SINGAPORE (Reuters) - Singapore’s industrial production likely expanded at a faster pace in April compared with the year earlier, buoyed by an upward swing in pharmaceuticals output, a Reuters poll showed on Wednesday.
A Reuters poll of 10 analysts forecast manufacturing output in April will rise 8.3 percent from a year earlier.
“It’s going to be because of the base effects in the pharmaceuticals cluster. We suspect it’s going to look very similar to what happened with exports in April,” said Brian Tan, economist, Nomura.
A pick up in pharmaceuticals helped offset five consecutive months of decline of electronics exports, leading to an unexpectedly sharp rise in exports year-on-year.

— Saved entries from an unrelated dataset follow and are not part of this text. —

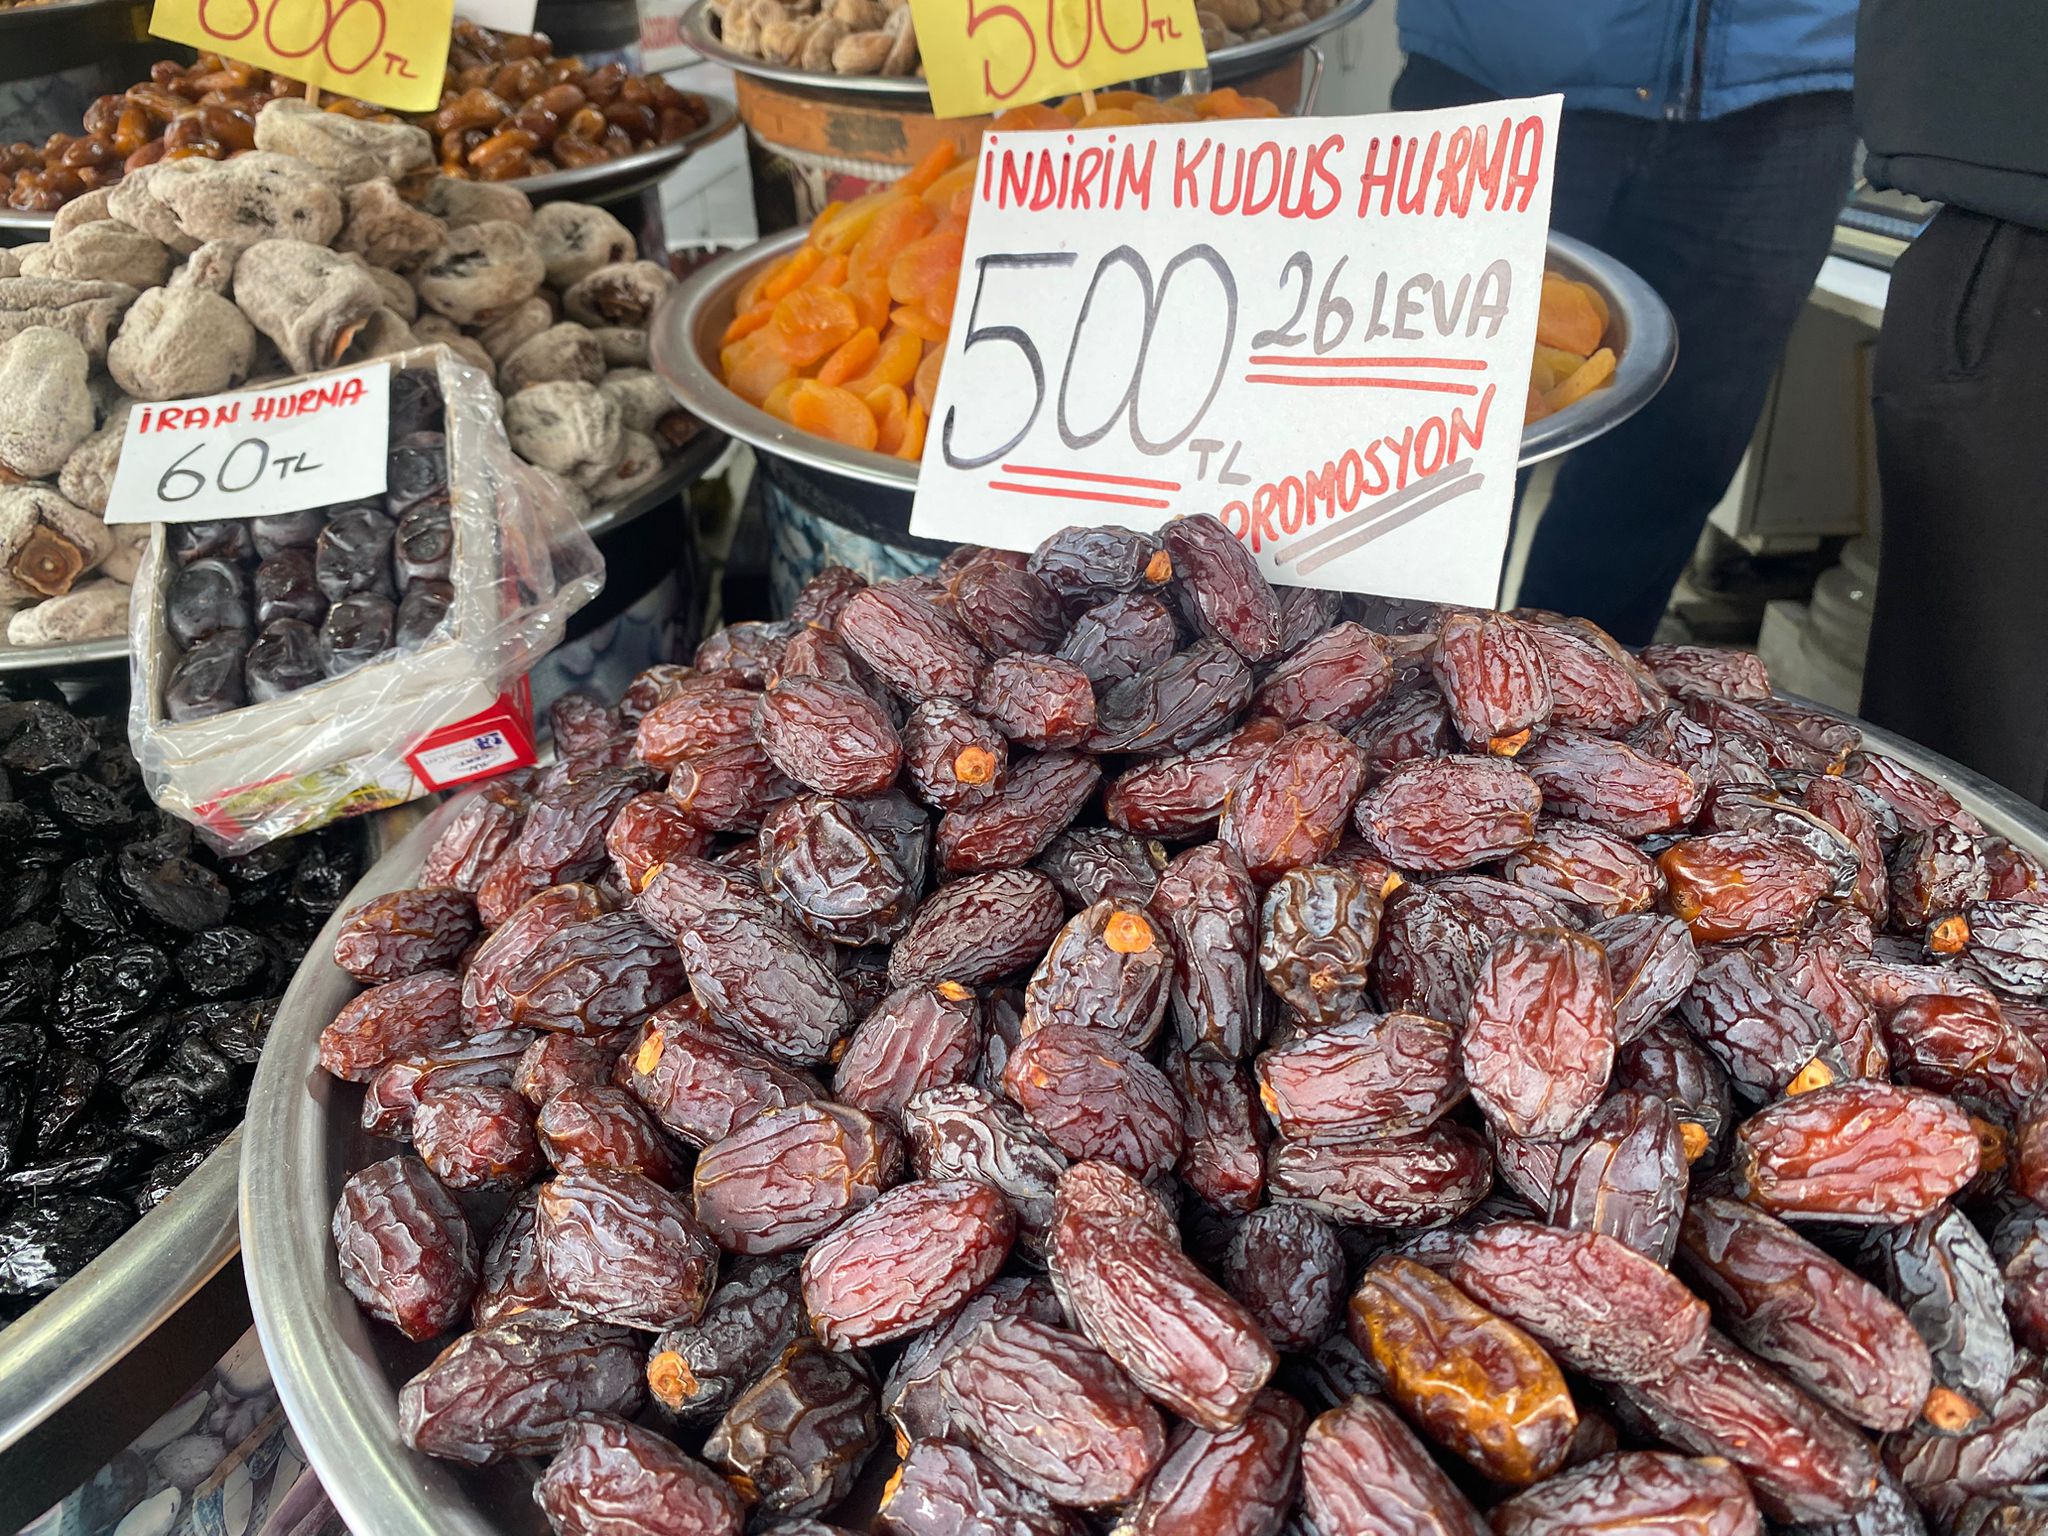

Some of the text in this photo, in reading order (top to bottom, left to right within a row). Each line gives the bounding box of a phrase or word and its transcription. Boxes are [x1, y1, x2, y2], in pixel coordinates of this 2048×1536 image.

[383, 52, 418, 79] TL
[967, 0, 1182, 100] 500 TL
[1173, 132, 1345, 220] KUDUS
[1357, 115, 1544, 219] HURMA
[1251, 250, 1512, 355] 26 LEVA
[941, 243, 1252, 486] 500 TL
[157, 437, 324, 502] 60 TL

Manufacturing and exports of electronics were one of Singapore’s main drivers of growth last year, leading to an increase of 3.6 percent in GDP in 2017, and marking the fastest pace in three years.

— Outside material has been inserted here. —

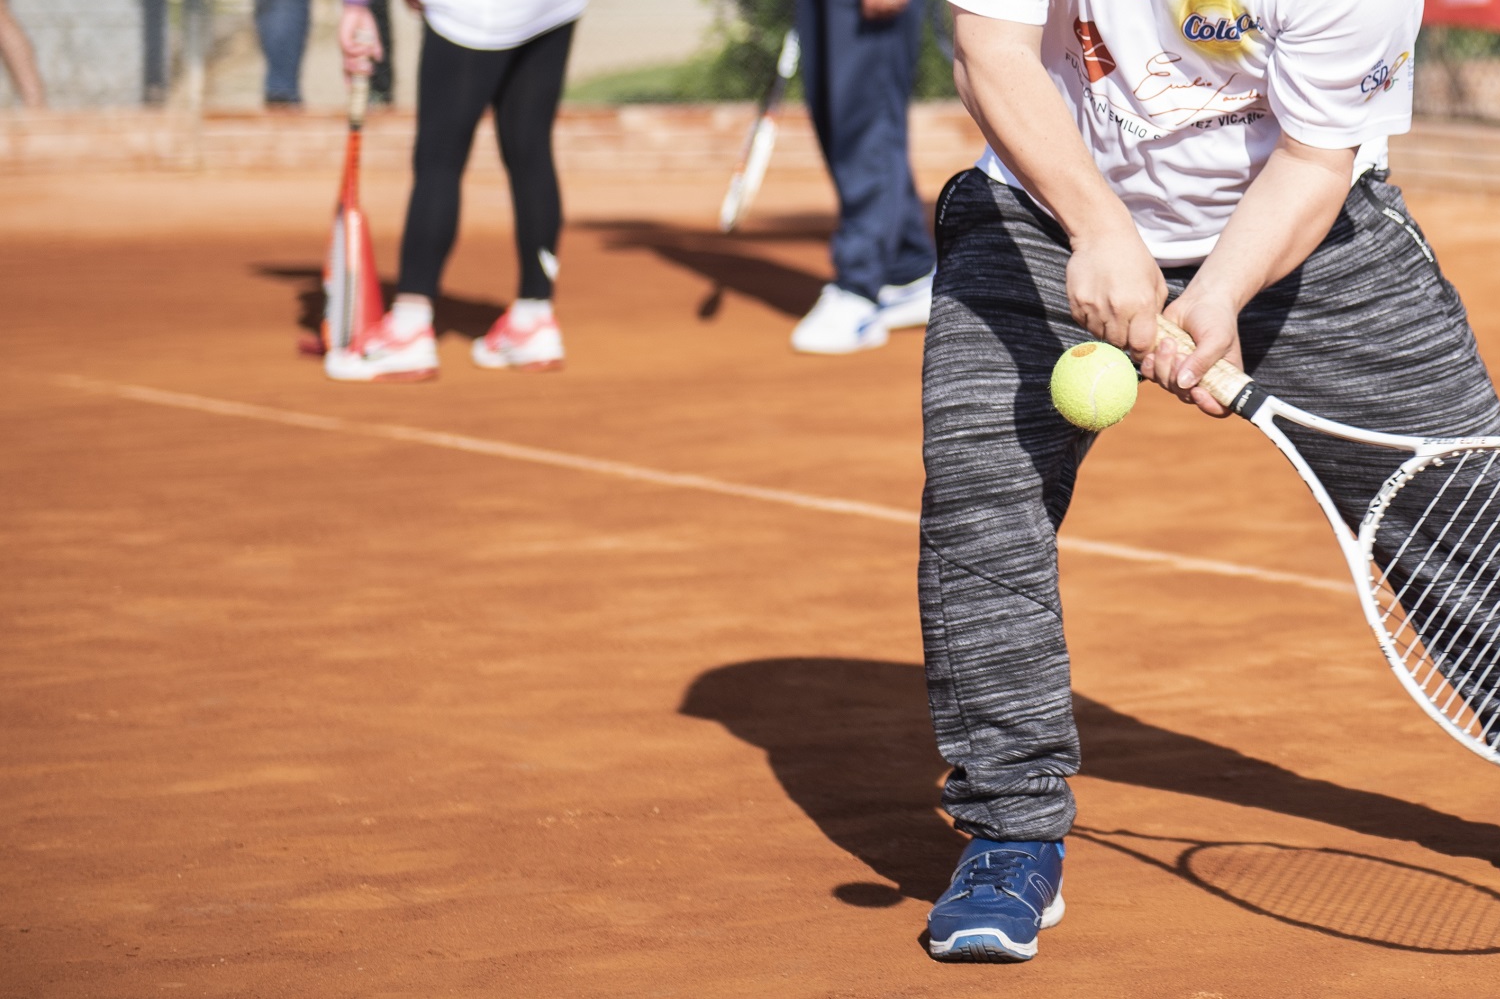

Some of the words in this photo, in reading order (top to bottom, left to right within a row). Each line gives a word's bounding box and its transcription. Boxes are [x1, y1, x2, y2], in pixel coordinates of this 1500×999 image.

[1182, 12, 1265, 43] ColaCa
[1361, 65, 1389, 93] CSD
[1109, 110, 1148, 139] EMILIO

Analysts and policymakers are concerned that the city-state’s growth is heavily dependent on its electronics sector, and that the growth in pharmaceuticals industry is not necessarily a positive factor for the outlook due to its volatile nature.
“One of the problems with pharmaceuticals is that it is very volatile, if you look at its growth patterns from last year, you can see it is going to reverse in June... the numbers may not look so good,” Tan said.
Manufacturing output in the city-state is also seen growing from the previous month in April, at 1.2 percent on a seasonally adjusted basis, according to the poll’s median forecast.
In March, Singapore’s industrial production grew better than expected at 5.9 percent year-on-year, and 0.3 percent from the month before on a seasonally adjusted basis.